Recipe: Appetizing Pork schnitzels
Pork schnitzels. This was a common dinner on a weeknight or sometimes they were perfect for a Sunday night family dinner. Place the pork chops between two sheets of heavy plastic (resealable freezer bags work well) on a solid, level surface. One with a mixture of the flour, seasoned salt, and pepper.
Line a cutting board with plastic wrap, place cutlets in a single layer on cutting board and cover with plastic wrap (this prevents splatter). This traditional German Schnitzel is prepared the same way as Austrian Wiener Schnitzel. The only difference - German Schnitzel is made with pork (my preference) instead of veal. You can have Pork schnitzels using 7 ingredients and 5 steps. Here is how you achieve it.

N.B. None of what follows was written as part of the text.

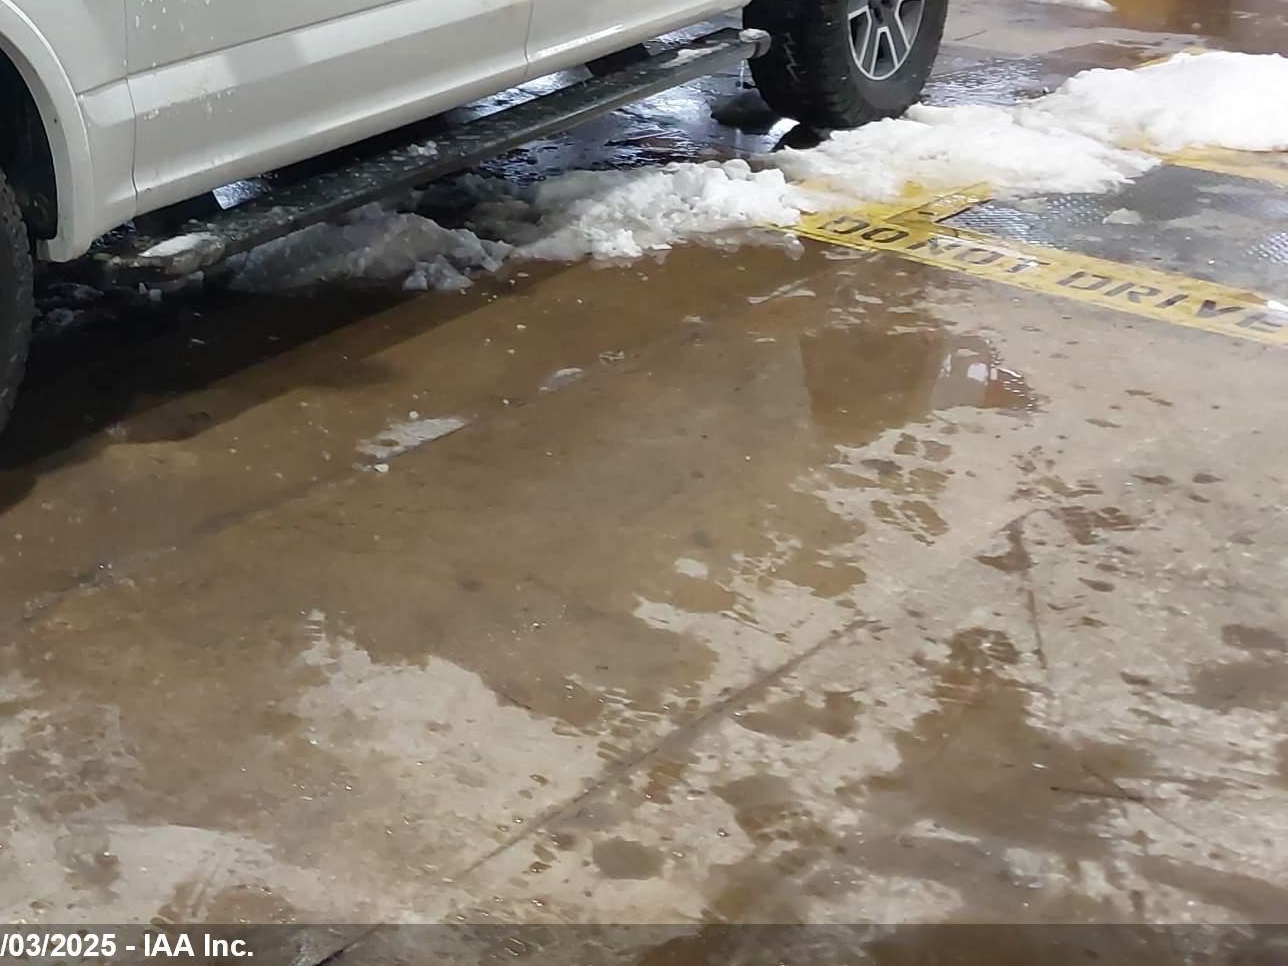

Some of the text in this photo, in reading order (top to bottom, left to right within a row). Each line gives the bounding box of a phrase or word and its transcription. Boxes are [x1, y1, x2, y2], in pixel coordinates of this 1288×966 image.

Ingredients of Pork schnitzels
- You need 500 g of pork loin.
- It's of Salt and pepper.
- It's of Lemon or lemon juice.
- It's of Fresh sage finely chopped.
- You need 2-3 slices of bread, crumbed.
- You need 1 of egg.
- You need 1 of dessert spoon milk.
Pork Schnitzel is a traditional German dish made with thin slices of pork that are lightly fried in a flour, egg, and breadcrumb coating. Thank you National Pork Board for sponsoring this post. The opinions expressed are mine alone. German Pork Schnitzel is an easy yet elegant dish that is perfect for a weeknight dinner or an Oktoberfest celebration!
Pork schnitzels instructions
- Trim the pork loin, removing any white connective tissue. Slice thinly, and bash each piece gently wi the back of a knife to tenderise. Season with salt, pepper, lemon juice and sage..
- Break the egg on to a plate and add the milk. Mix gently with a fork..
- Now dip each piece of meat first in the egg mixture then in the breadcrumbs to coat..
- Add olive oil and butter to a large frying pan and heat until fat sizzles when you drop in some of the breadcrumbs. Add the schnitzels and turn the heat down a bit so that breadcrumbs go golden brown and don’t catch. Cook for a maximum of 2 mins each side, turning once..
- Remove from pan and squeeze over more lemon juice. Allow to stand for at least 5 mins. Serve with new potatoes and vegetables..
The meat is usually thinned by pounding with a meat tenderizer. Most commonly, the meats are breaded before frying. The breaded schnitzel is popular in many countries and made using veal, pork, chicken, mutton, beef, turkey, or textured vegetable protein as a vegan alternative. It is very similar to the dish escalope in France, tonkatsu in Japan. Schnitzel is a LONG time favorite of mine, as a kid - I'd take this any way I could get it - chicken, beef or pork!